PASO I.- EL PROGRESO:

Sucedió una mañana soleada al principio del otoño. Transcurría uno de esos otoños que a ti tanto te gustaban. Comenzaban a desprenderse las hojas amarillas de los árboles, pero tú ya no las verías. No percibirías crepitar bajo tus pies la tupida capa amarillenta al pasear por encima de las hojas muertas. Las golondrinas se concentraban en los alambres del tendido eléctrico configurando grupos reducidos; pero tú ya no observarías aquellas bandadas rectilíneas, simétricas, casi iguales todas, surcar el cielo azul entre nubes otoñales de algodón. No las verías alejarse en busca de la suave calidez de otros veranos. 

Era una mañana como las demás. No existía ningún aciago presentimiento, ningún asomo ni sospecha externa visible, ningún pérfido augurio de la horrible tragedia que se aproximaba. Madre arregló la comida con el mismo cuidado que cada día: con cariño, con esmero, con mimo, como sólo ella sabía hacerlo. Puso en la merendera una tortilla tierna, blanda, esponjosa; unas deliciosas tajadas de tocino frito y unos sabrosos chorizos recién sacados de la tinaja. Metió la merendera y el pan dentro de la cesta de la comida. Y luego colocó el botijo del agua y la bota del vino dentro de la alforja, como hacía cada mañana. 

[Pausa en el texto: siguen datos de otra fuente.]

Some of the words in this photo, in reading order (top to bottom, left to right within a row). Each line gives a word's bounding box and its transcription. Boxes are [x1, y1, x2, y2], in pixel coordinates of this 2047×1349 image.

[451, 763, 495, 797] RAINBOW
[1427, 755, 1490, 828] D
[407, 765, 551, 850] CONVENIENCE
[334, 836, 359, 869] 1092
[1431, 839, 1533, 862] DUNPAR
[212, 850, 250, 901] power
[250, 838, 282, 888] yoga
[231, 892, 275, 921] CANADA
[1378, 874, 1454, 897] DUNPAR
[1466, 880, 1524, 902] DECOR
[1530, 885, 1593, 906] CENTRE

Era un día lo mismo que los otros. Al clarear la mañana, una tenue luz iluminó calles y casas. Un sol de otoño agradable asomó tímidamente y comenzó a entibiar con placidez los añorados paisajes: montes, árboles y río que nos conocieron de niños, que supieron de nuestros juegos infantiles. Juan cruzó la plaza tarareando una canción de moda. Saludó a un corro de ancianos que, apoyados en trémulas garrotas, tomaban el sol, se calentaban al calorcillo de la solana mientras charlaban animosamente. Hablaban de la falta de lluvia, del otoño, del tibio sol de la mañana… 

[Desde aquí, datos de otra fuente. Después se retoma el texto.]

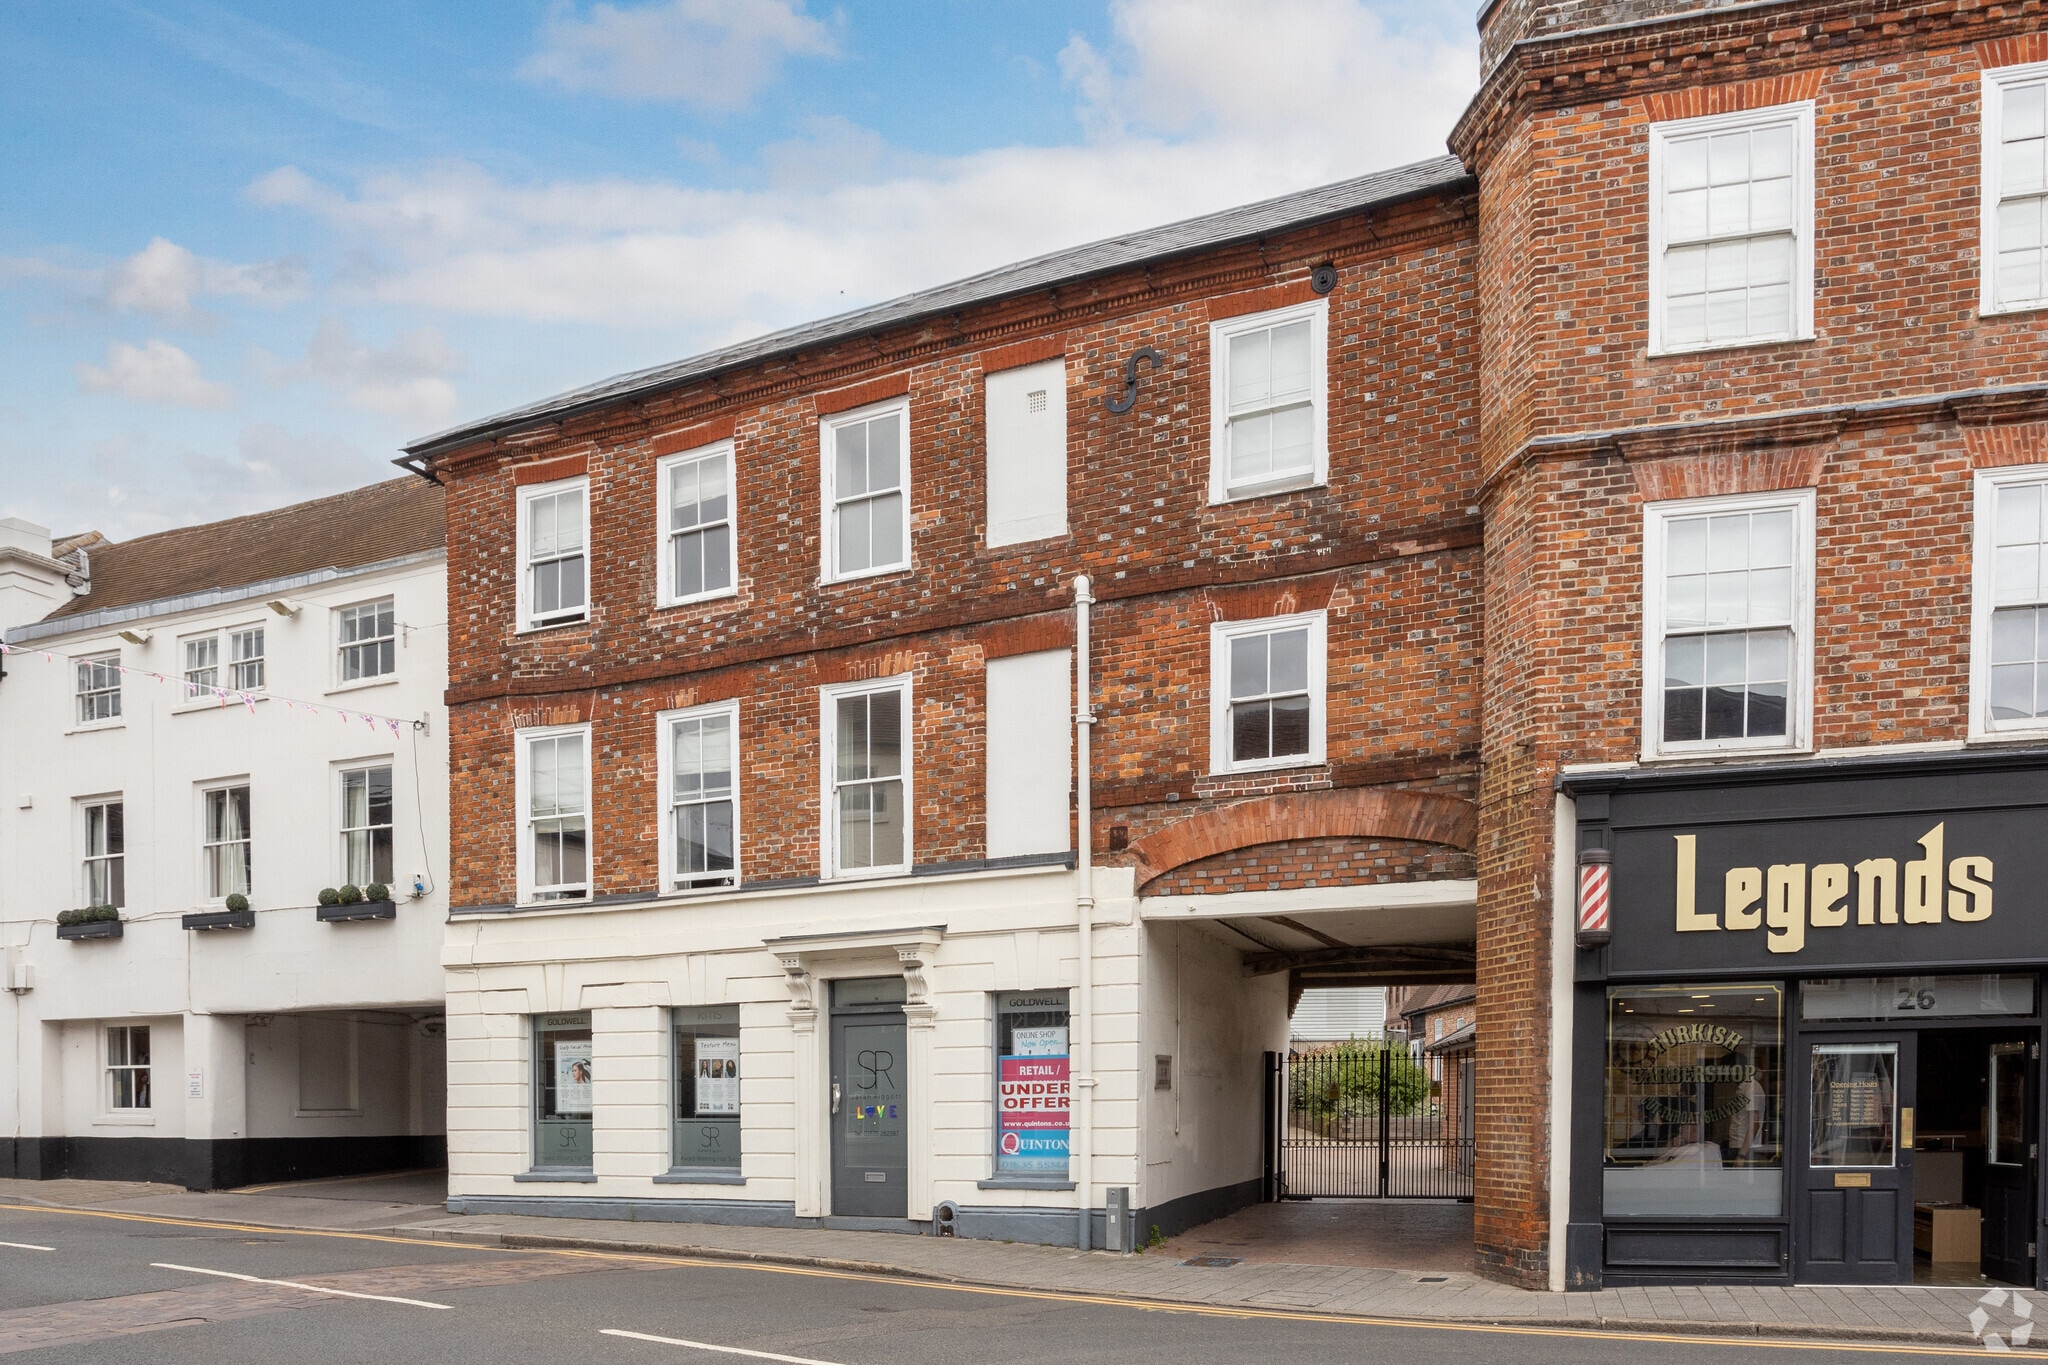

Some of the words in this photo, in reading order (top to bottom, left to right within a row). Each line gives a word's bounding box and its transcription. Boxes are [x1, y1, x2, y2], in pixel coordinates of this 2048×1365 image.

[1673, 821, 1994, 954] Legends
[1898, 987, 1937, 1011] 26
[1016, 1031, 1038, 1040] ONLINE
[1039, 1030, 1056, 1038] SHOP
[1021, 1040, 1037, 1048] Now
[1648, 1023, 1744, 1053] TURKISH
[857, 1049, 895, 1090] SR
[1019, 1065, 1054, 1076] RETAIL
[1056, 1064, 1061, 1076] /
[1632, 1064, 1757, 1085] BARBERSHOP
[1001, 1082, 1070, 1096] UNDER
[1830, 1081, 1858, 1089] Opening
[1003, 1096, 1070, 1110] OFFER
[1704, 1093, 1751, 1124] SHAVING
[559, 1126, 577, 1148] SR
[701, 1126, 720, 1148] SR

Al volante del tractor, lo vieron alejarse calle abajo por última vez, silbaba y canturreaba una conocida canción. Luego, desapareció tras una curva del camino. 

Era una mañana quieta, sosegada, apacible, como cualquier otra. Los niños estudiaban en la escuela. Se escuchaba el cantar de la herrería, la dulce cantinela del hierro duro al ser golpeado en el yunque. Un afilador recorría las calles del pueblo. 

Caminaba con la bicicleta a un lado, detrás llevaba la piedra de afilar. Hacía sonar el flautín, después lanzaba su voz: 

– El afiladooooor. El afiladooooor. Se afilan cuchillos, navajas, tijeras… 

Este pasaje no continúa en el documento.